Beyond the Sex Scandals at Defence, the Larger Task of Refitting Canada’s Armed Forces

Don Newman

January 7, 2022

The team that oversaw the purchase of the vaccines, face masks and other essential material to fight the COVID-19 pandemic is being reunited to oversee some of the largest military procurement projects in Canada’s history.

Defence Minister Anita Anand took up her new duties in the cabinet shuffle after last fall’s election. She has on her plate the non-defence but highly political job of cleaning up the department’s sexual harassment and sexual abuse scandal. Female military personnel have launched complaints of improper behaviour against male officers in the senior ranks – all the way to two different Chiefs of Defence Staff.

The allegations have attracted widespread news coverage and public interest and are likely to do so for some time yet. But they have nothing to do with the real job of the armed forces. Defending Canadians and sharing the burden of doing that in alliances with other like-minded countries.

Before moving to Defence Anand was the minister of Public Services and Procurement Canada, with the responsibility for leading the massive job of acquiring the vaccines and all the other things needed for the battle against COVID.  Her deputy minister – the top public servant in the department was a veteran Ottawa hand, Bill Matthews. Now beginning on January 11th, Matthews will be her deputy at Defence.

Sex always sells politically and just about every other way. but the really important issue before the Defence department and the government generally are two contracts to replace aging equipment for both the Navy and the Air Force that was acquired in the 1980s.

The government has announced that the decision to replace the aging CF-18 fighters that the Government bought  back when Prime Minister Justin Trudeau’s father Pierre was PM, has come down to two planes: the F-35 stealth fighter built by built by Lockheed Martin in the United States, and a Swedish fighter, the JAS 39 Gripen which is built by Saab.

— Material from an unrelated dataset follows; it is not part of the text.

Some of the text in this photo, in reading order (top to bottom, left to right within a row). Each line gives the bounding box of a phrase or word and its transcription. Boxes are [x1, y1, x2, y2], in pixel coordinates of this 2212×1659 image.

The F-35 was originally picked by the Canadian government. But when the Conservatives were in power the cost over runs on the prototypes became so expensive that then-Prime Minister Stephen Harper cancelled that deal and said Canada would look for other options. In the 2015 election campaign Trudeau said a Liberal government would look elsewhere for a replacement for the CF-18s. But a new contest to buy a replacement fighter was held, and along with the Saab,  the F-35 is the other finalist and in many minds the favorite to end up anyway as the replacement for the CF-18.

At the time the contract with Lockheed Martin was cancelled much was made of replacing that selection with a cheaper aircraft. The argument went that the money saved could then be spent on other defence priorities that would otherwise be neglected.

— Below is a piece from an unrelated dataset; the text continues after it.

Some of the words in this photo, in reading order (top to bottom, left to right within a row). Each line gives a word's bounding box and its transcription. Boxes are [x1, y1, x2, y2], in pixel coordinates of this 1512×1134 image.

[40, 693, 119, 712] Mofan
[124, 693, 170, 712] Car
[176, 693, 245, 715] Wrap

That same argument is now again being used against another even bigger defence contract that has been directed to Irving Shipyards and – wait for it== Lockheed Martin.  The contract is for 15 warships to be built for the Canadians Navy to replace aging destroyers that are already out of service and the fleet of frigates that were also committed to when Pierre Trudeau was prime minister.

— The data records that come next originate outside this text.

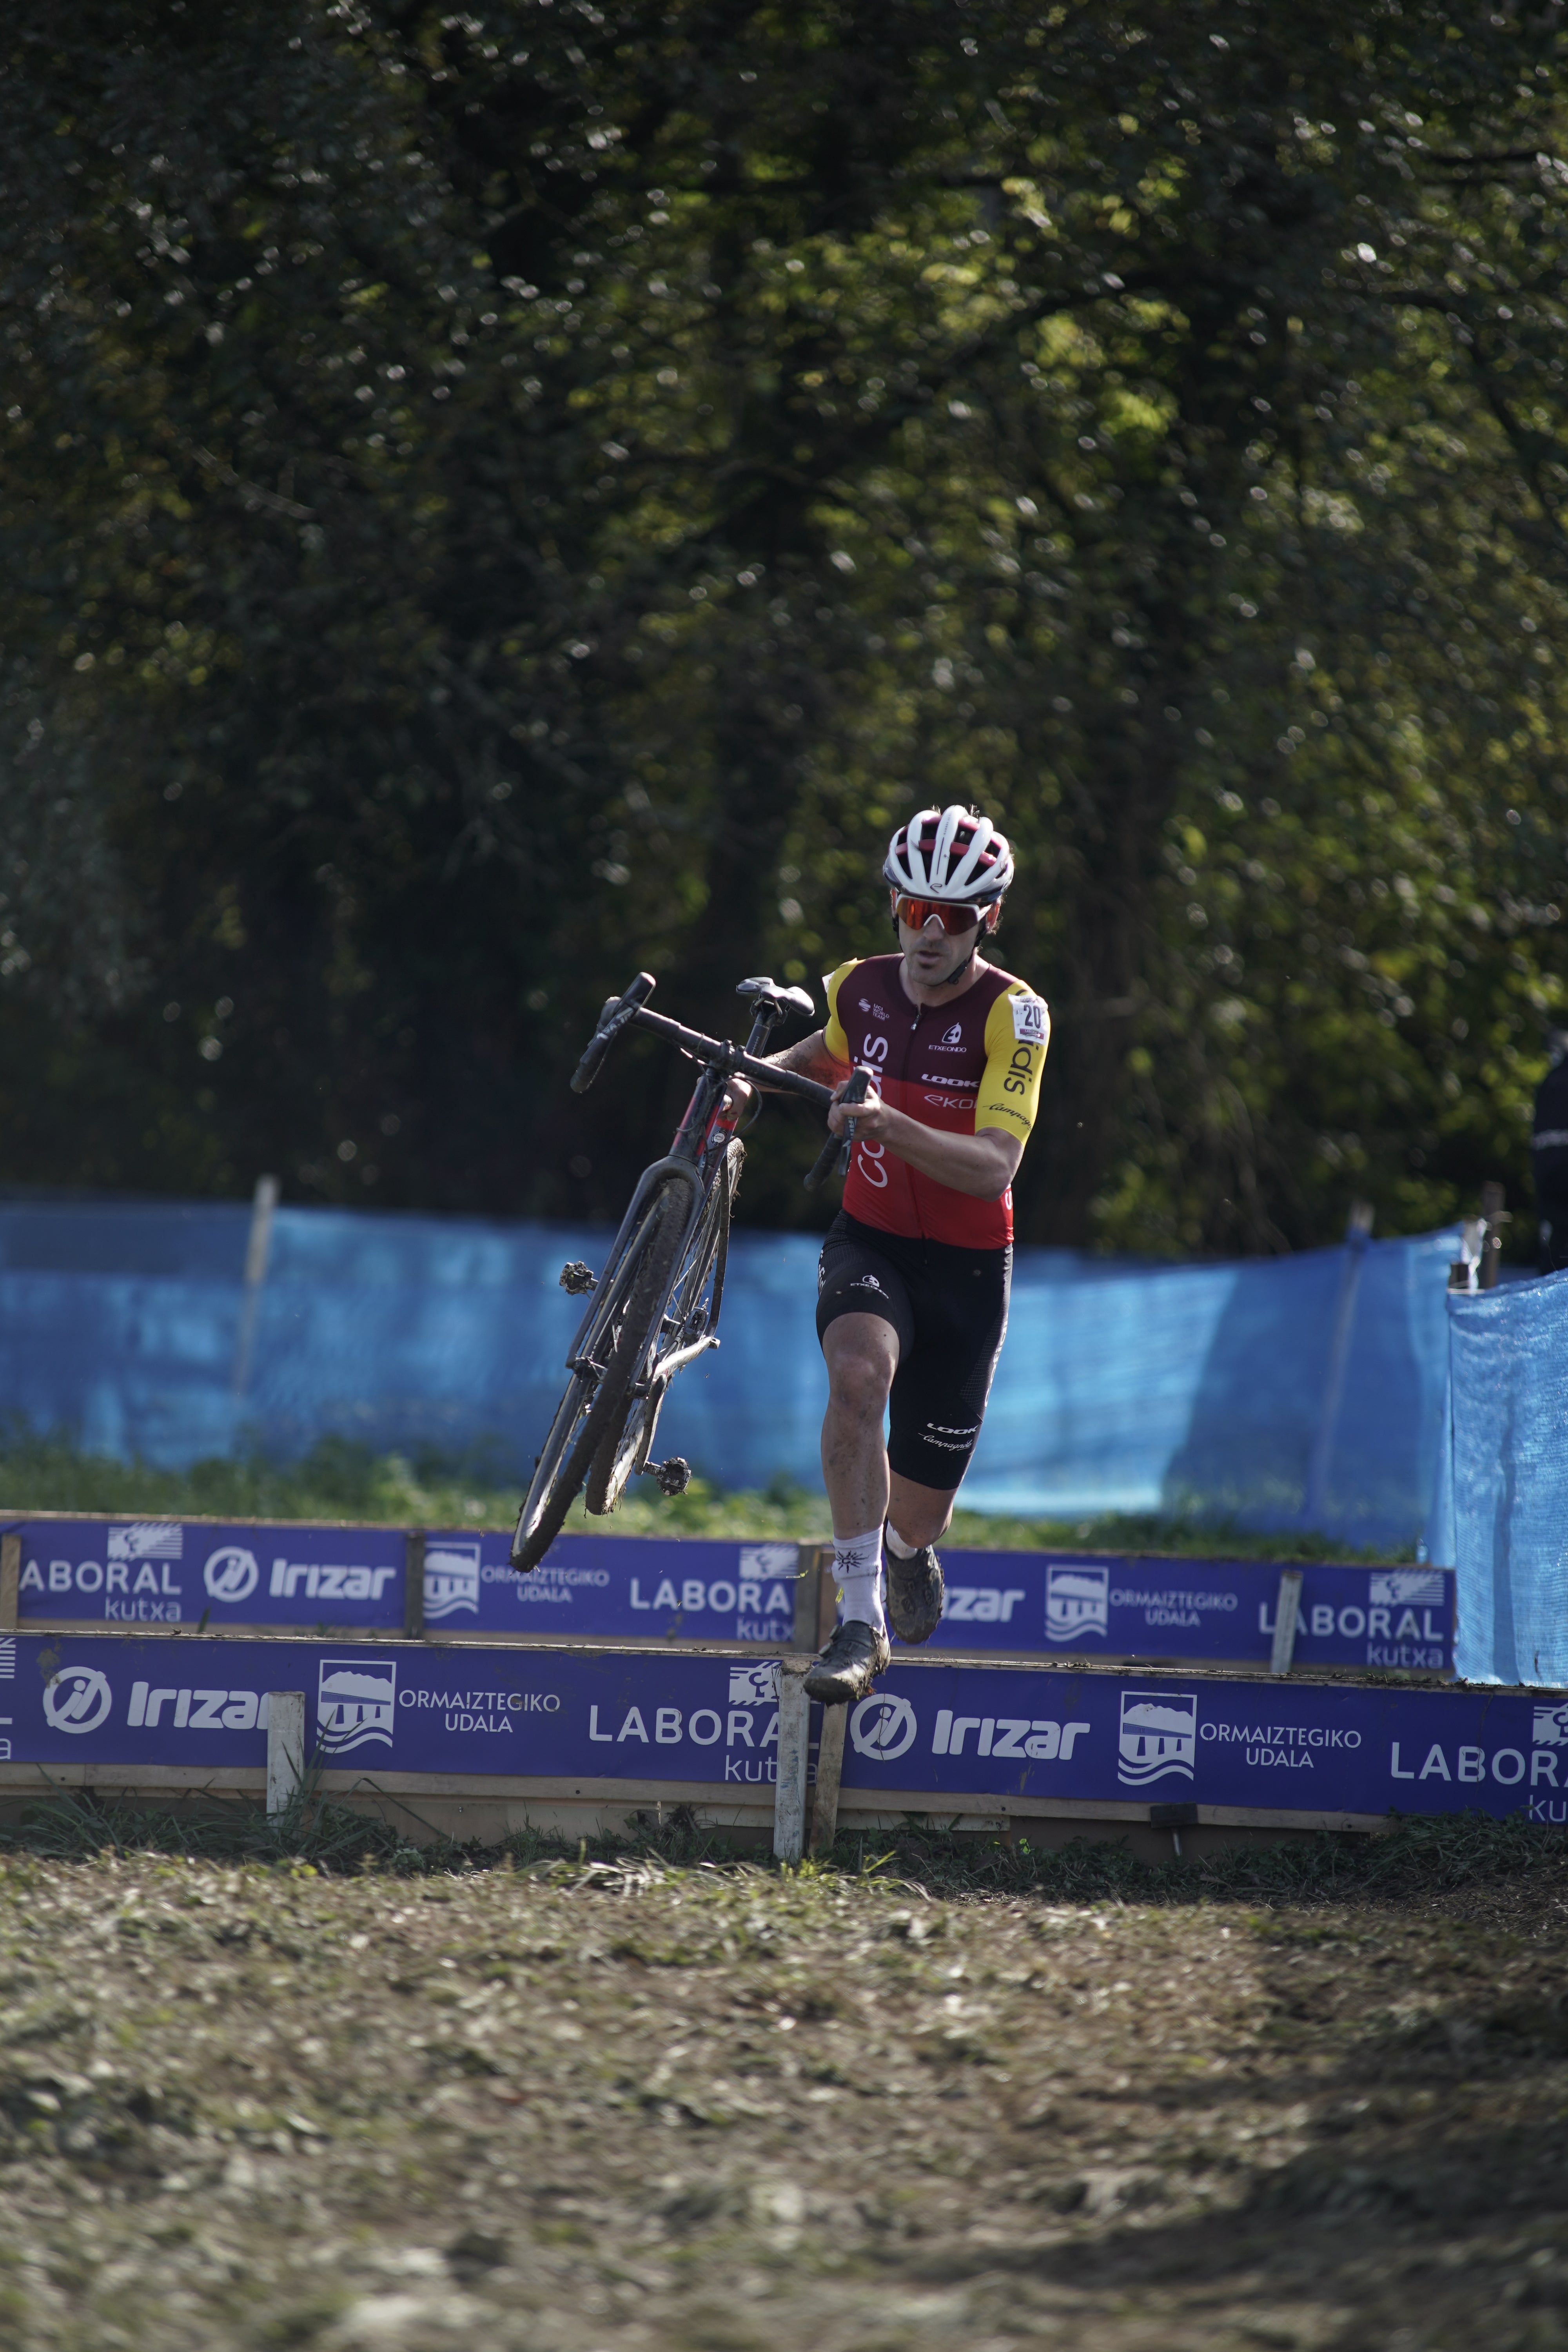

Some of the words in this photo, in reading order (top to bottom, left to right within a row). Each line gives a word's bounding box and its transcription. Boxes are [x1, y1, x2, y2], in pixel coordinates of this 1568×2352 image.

[873, 1007, 890, 1018] WORLD
[873, 1011, 885, 1020] TEAM
[1024, 1004, 1041, 1029] 20
[921, 1074, 980, 1087] LOOK
[927, 1423, 979, 1434] LOOK
[20, 1560, 181, 1594] ABORAL
[270, 1559, 396, 1599] Irizar
[481, 1565, 610, 1588] ORMAIZTEGIKO
[517, 1585, 572, 1603] UDALA
[630, 1578, 791, 1614] LABORA
[1109, 1588, 1238, 1611] ORMAIZTEGIKO
[105, 1597, 181, 1622] kutxa
[1145, 1610, 1200, 1627] UDALA
[737, 1617, 795, 1641] kutx
[1367, 1642, 1443, 1670] kutxa
[399, 1690, 560, 1712] ORMAIZTEGIKO
[445, 1713, 513, 1733] UDALA
[931, 1710, 1091, 1760] Irizar
[1200, 1723, 1361, 1748] ORMAIZTEGIKO
[1246, 1748, 1314, 1768] UDALA
[1391, 1742, 1568, 1788] LABOR

The plan is to replace the destroyers and the frigates with one type of ship. The ship would be known as a Canadian Surface Combatant – bigger than a frigate and small than a destroyer.

For a variety of reasons that always plague military procurements, although not a single ship has been built, the cost for the entire 15 ship program has skyrocketed. Back in 2008 when the plan to replace two different classes of ships with single type of vessel was first adopted, the total cost was estimated at $26 billion. How things have changed. The most recent estimate by the Parliamentary Budget Officer is that the 15 ships would cost a total of $77.3 billion. A further one-year delay would drive the cost up to $79.7 billion and a two year delay to $82.1 billion.

Those types of forecasts are prompting calls for a review of the program. There are reports that the Defence Department is looking at the costing and the viability its plans. One option being talked about would be to build only three or maybe four of the Surface Combatants, and then acquire smaller, other types of vessels to play more specific roles.

Supporters of that kind of plan say that is the way the navy has always operated. Moreover, the money saved could be used – wait for it – on other defence priorities that would otherwise be neglected.

In pre-COVID times that argument had been turned away by the department. Now with the country’s finances ravished by the pandemic, the idea my get a better hearing. In fact, with the country’s books in the shape they are in, any money saved may not be spent on other defence priorities but instead on other departments’ priorities or on debt reduction.

Those are questions for the long term. In the short term the team that bought the vaccine is going to have to decide how much and where they will spend money on planes and boats.

Contributing Writer and Columnist Don Newman, an Officer of the Order of Canada and Lifetime Member of the Parliamentary Press Gallery, is Executive Vice President of Rubicon Strategy, based in Ottawa.